E sebbene sia corretto affermare che la nuova TV assomiglia sempre più a quella vecchia, bisogna però tenere conto che, rispetto alla vecchia, anche nei televisori connessi oggi possiamo guardare i video di YouTube, oggi lo streamer più visto sullo schermo televisivo negli Stati Uniti con il 10,6% dello screentime: una quota che da sola vale circa la metà di quanto tutti i canali broadcaster mettono assieme.
Ma nelle smart TV troviamo anche i video brevi di TikTok (che non a caso fin da subito ha voluto occupare anche quello spazio), come d’altronde possiamo ascoltare musica o podcast di Spotify (che oggi sta implementando anche video).
Così se per un po’ di tempo i confini sono stati netti e definiti: nel televisore le cose da televisione (show, serie, film, tiggì) e nello smartphone le cose che consumavamo fino ad allora dallo schermo del computer (blog e siti web, social media, giornali digitali, video generati dagli utenti); ma oggi dalla nostra TV abbiamo accesso ai social dominati dalla creator economy e, al contempo, lo smartphone si è “televizzato” adattandosi sempre più a una dimensione broadcasting (io trasmetto tu guardi).

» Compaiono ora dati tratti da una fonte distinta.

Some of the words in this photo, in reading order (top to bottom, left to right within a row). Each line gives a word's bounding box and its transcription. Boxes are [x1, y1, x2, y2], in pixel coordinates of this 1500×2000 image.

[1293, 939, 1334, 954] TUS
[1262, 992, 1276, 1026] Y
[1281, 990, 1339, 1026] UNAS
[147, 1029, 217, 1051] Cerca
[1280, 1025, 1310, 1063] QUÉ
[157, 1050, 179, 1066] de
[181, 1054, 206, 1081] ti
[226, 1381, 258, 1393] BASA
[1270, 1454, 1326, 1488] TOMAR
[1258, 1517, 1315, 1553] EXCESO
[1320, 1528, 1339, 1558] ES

La competizione, alla fine, ha trovato un unico territorio con i medesimi contendenti che, senza interruzioni, dallo schermo televisivo va a quello dello smartphone (passando per quello del pc) senza praticamente soluzione di continuità.
Ma, come fa notare, l’esperto di marketing Scott Galloway:
I contenuti di piccole dimensioni hanno vantaggi intrinseci: sono economici da produrre e facili da consumare, con piattaforme come TikTok che offrono una mancanza di scelta senza attriti. Gli spettatori di Netflix trascorrono 78 ore all’anno solo a decidere cosa guardare: TikTok ti consente di trascorrere quel tempo a guardare. E la sua sbalorditiva liquidità lo rende migliore di te nel decidere cosa vuoi guardare.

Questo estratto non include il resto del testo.